(Collected data)
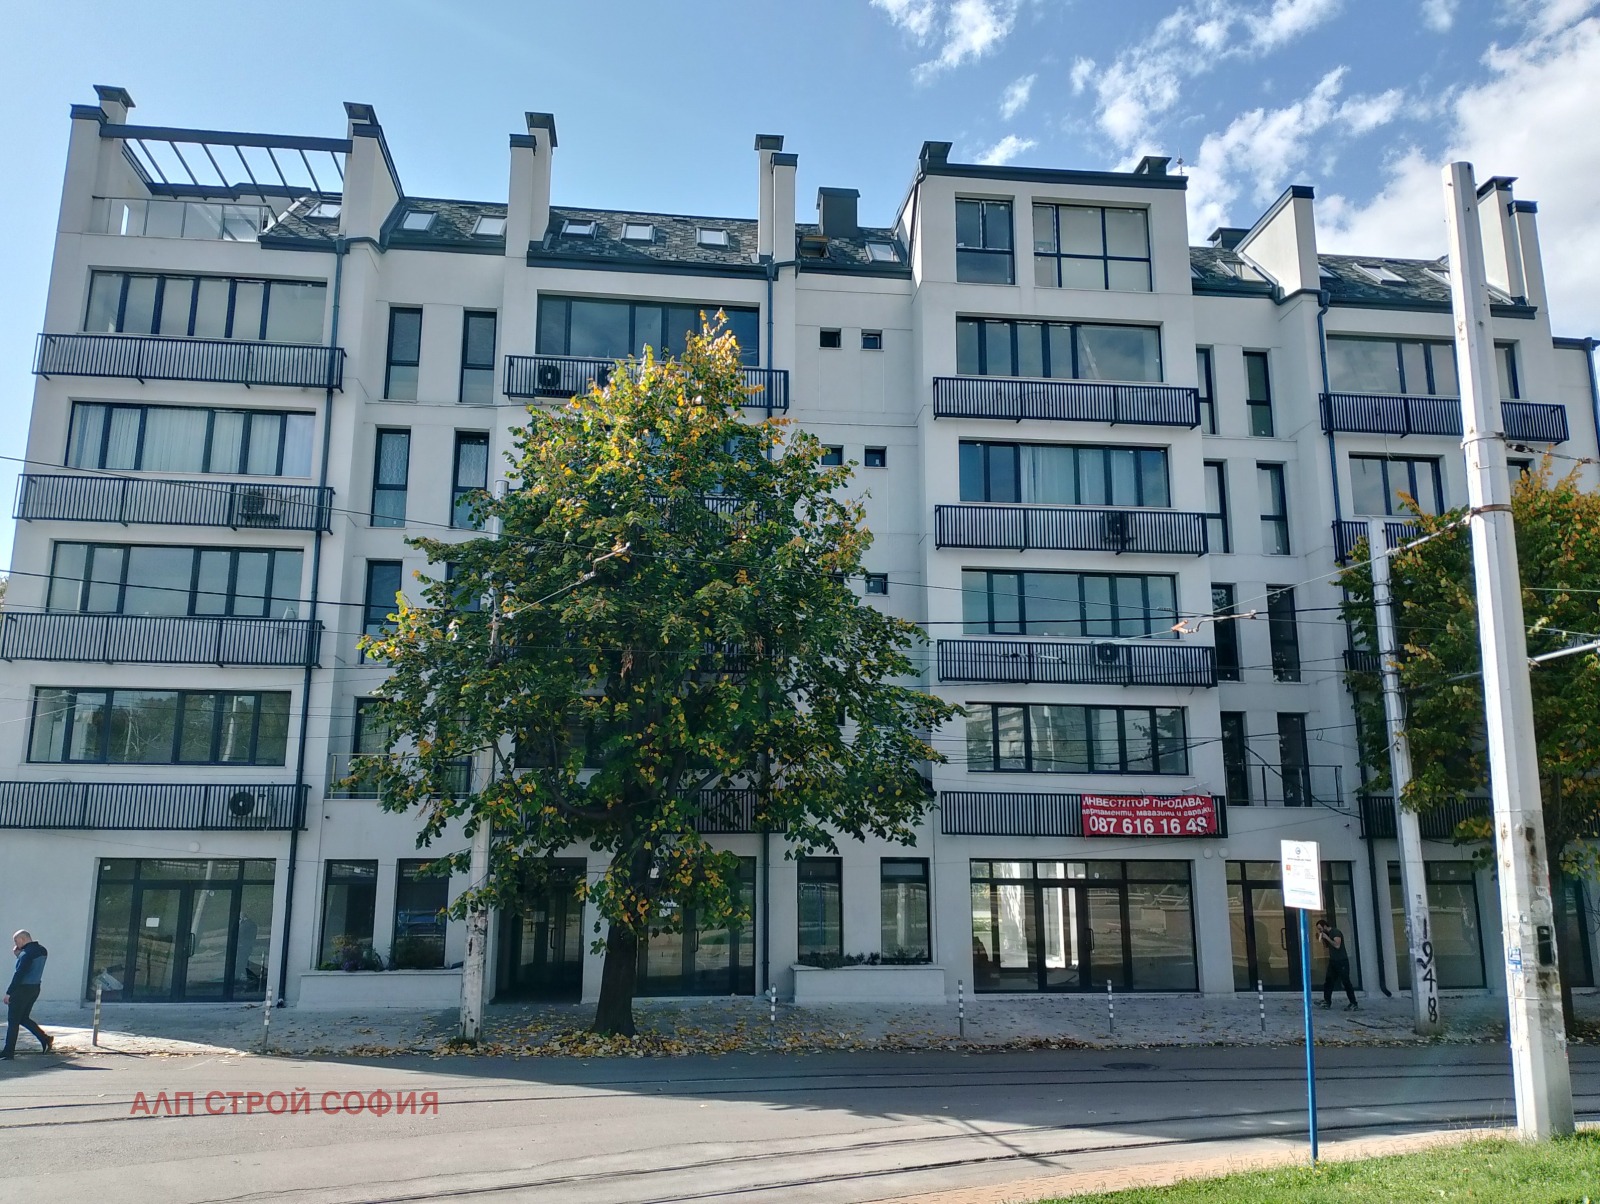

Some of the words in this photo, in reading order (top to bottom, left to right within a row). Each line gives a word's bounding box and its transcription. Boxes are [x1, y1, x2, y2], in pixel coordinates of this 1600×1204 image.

[1082, 796, 1150, 808] ИНВЕСТИТОР
[1152, 797, 1205, 809] ПРОДАВА:
[1089, 815, 1118, 833] 087
[1122, 818, 1155, 834] 616
[1160, 818, 1181, 834] 16
[1185, 816, 1208, 833] 48
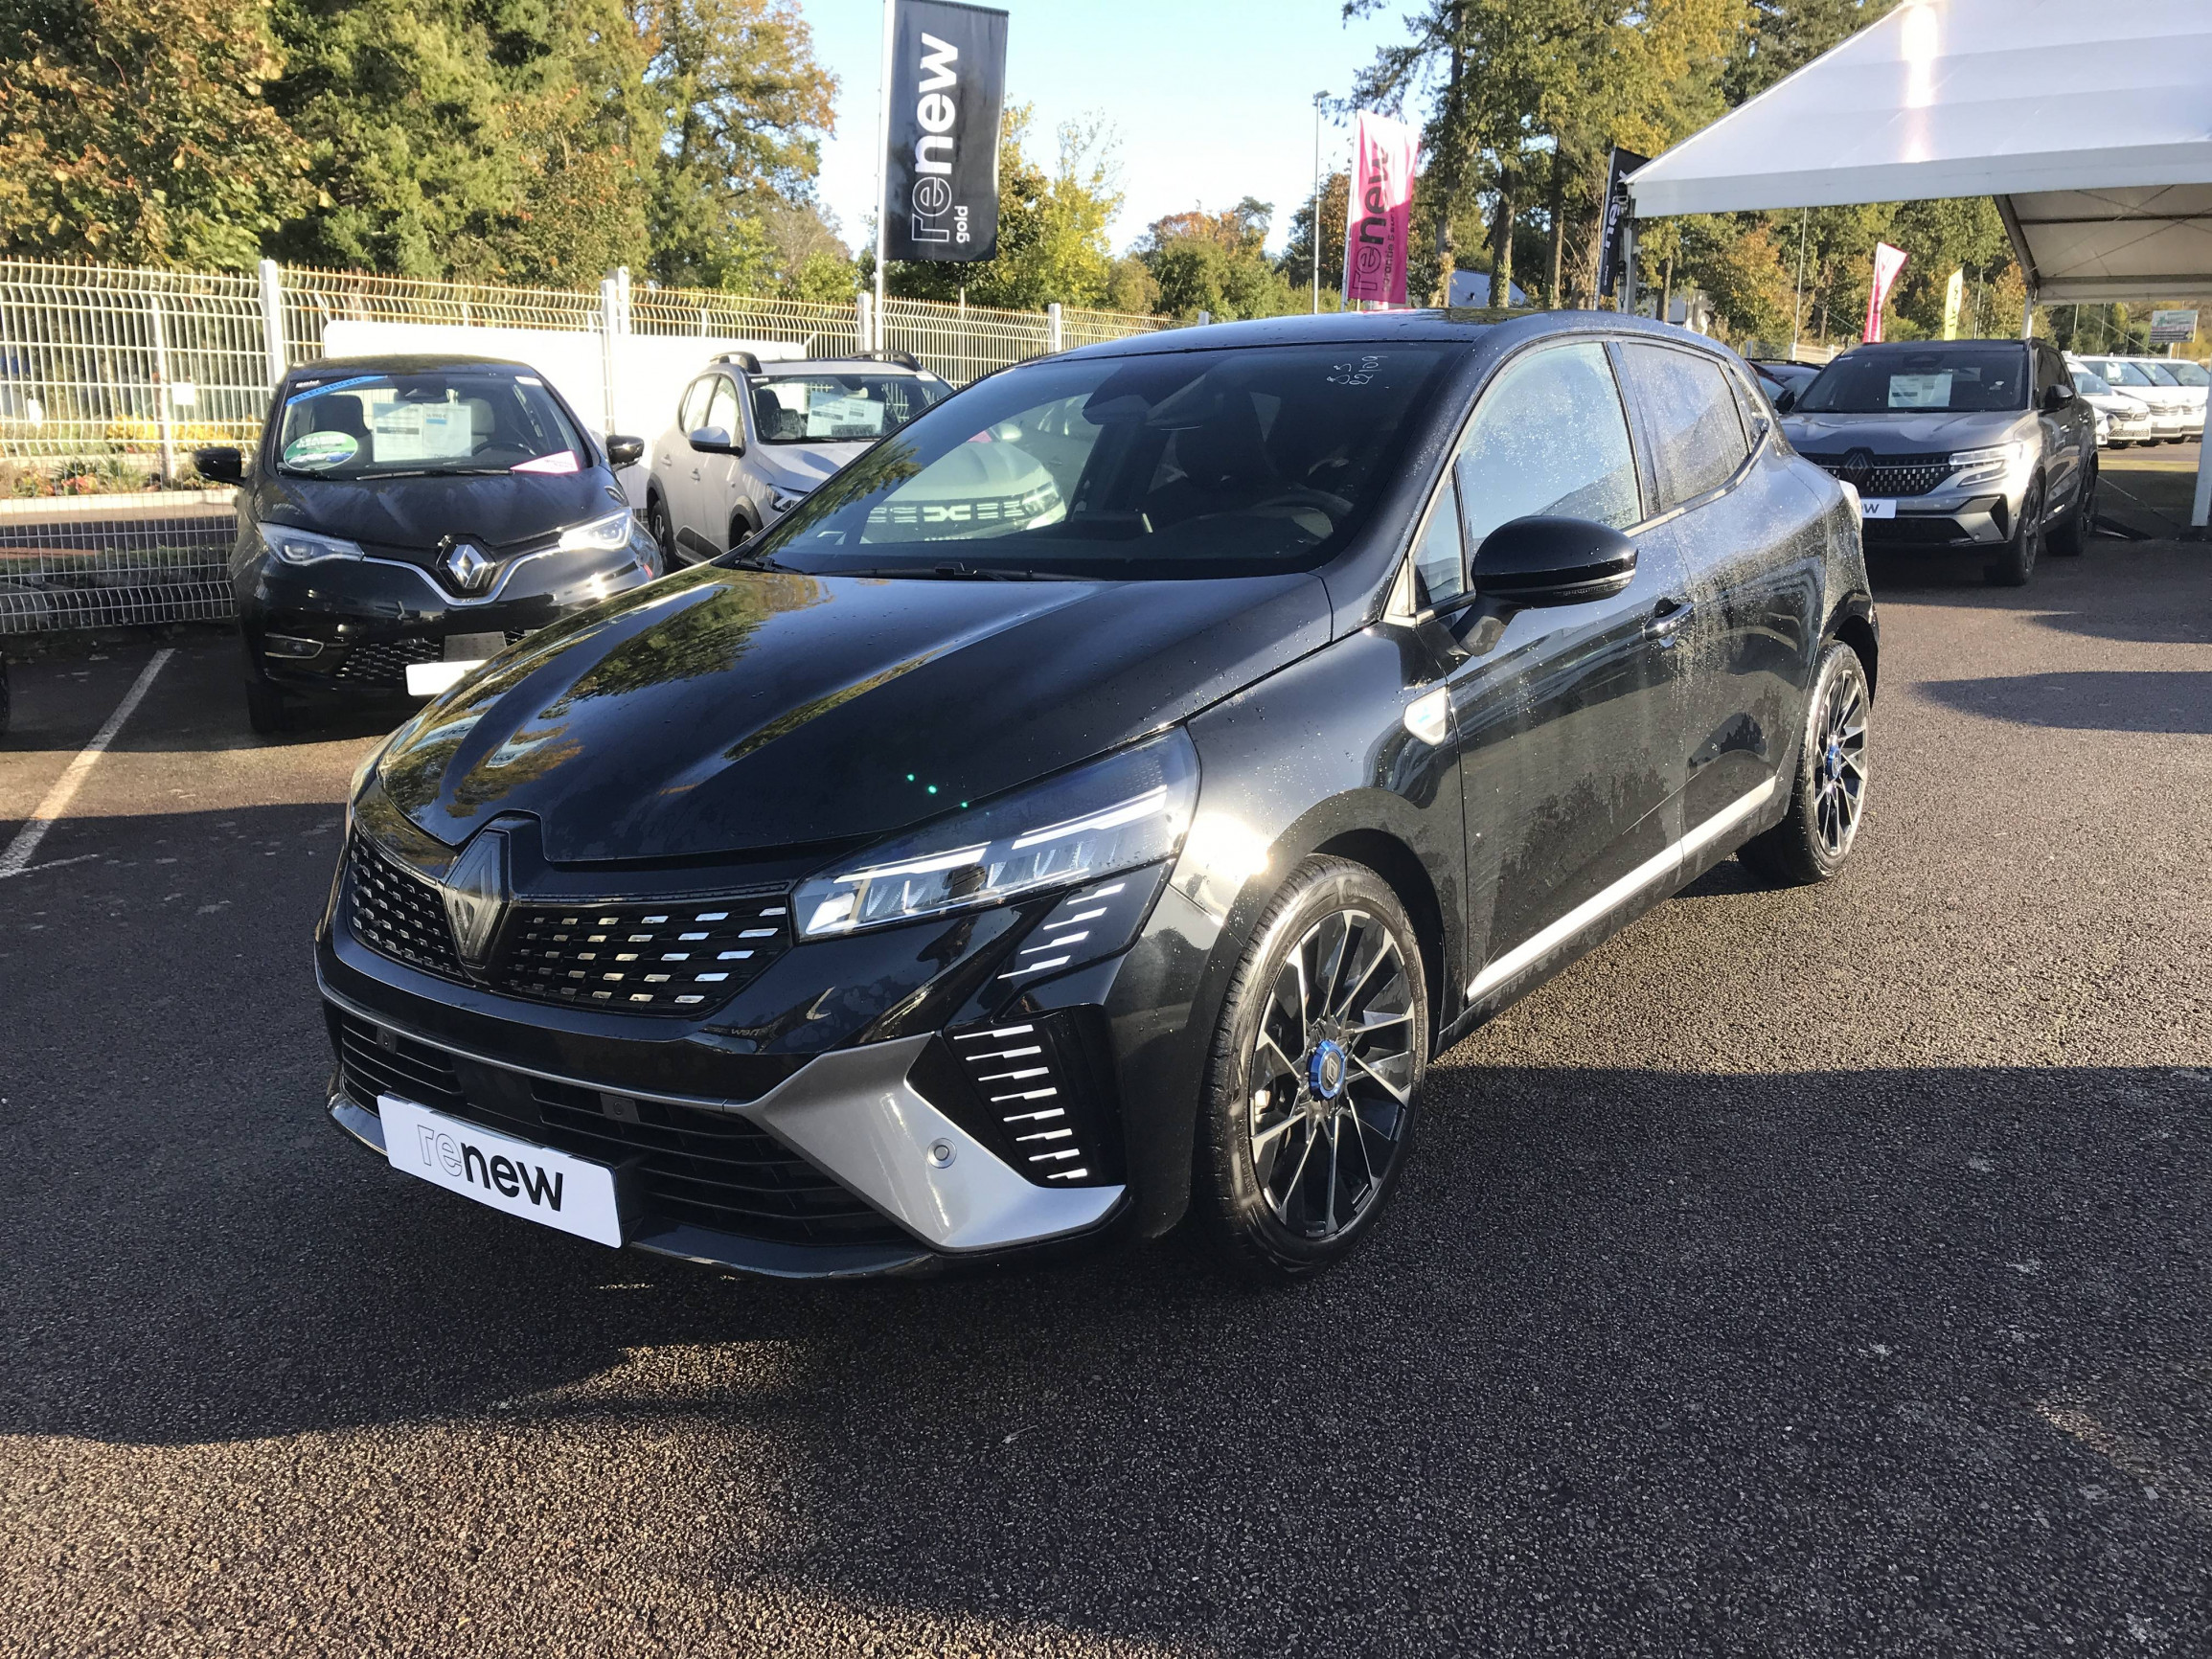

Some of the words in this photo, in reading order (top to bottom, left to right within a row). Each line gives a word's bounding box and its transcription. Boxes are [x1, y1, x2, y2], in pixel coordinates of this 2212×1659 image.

[911, 32, 958, 243] renew
[953, 205, 969, 244] gold
[417, 1124, 564, 1213] renew

**TRY IT:** The records are to be returned word for word, without any of their pictures.

**RESPONSE BELOW:**
Some of the words in this photo, in reading order (top to bottom, left to right within a row). Each line gives a word's bounding box and its transcription. Boxes are [x1, y1, x2, y2], in pixel coordinates of this 1600×1204 image.

[1082, 796, 1150, 808] ИНВЕСТИТОР
[1152, 797, 1205, 809] ПРОДАВА:
[1089, 815, 1118, 833] 087
[1122, 818, 1155, 834] 616
[1160, 818, 1181, 834] 16
[1185, 816, 1208, 833] 48

Some of the words in this photo, in reading order (top to bottom, left to right within a row). Each line gives a word's bounding box and its transcription. Boxes are [x1, y1, x2, y2], in pixel coordinates of this 2212×1659 image.

[911, 32, 958, 243] renew
[953, 205, 969, 244] gold
[417, 1124, 564, 1213] renew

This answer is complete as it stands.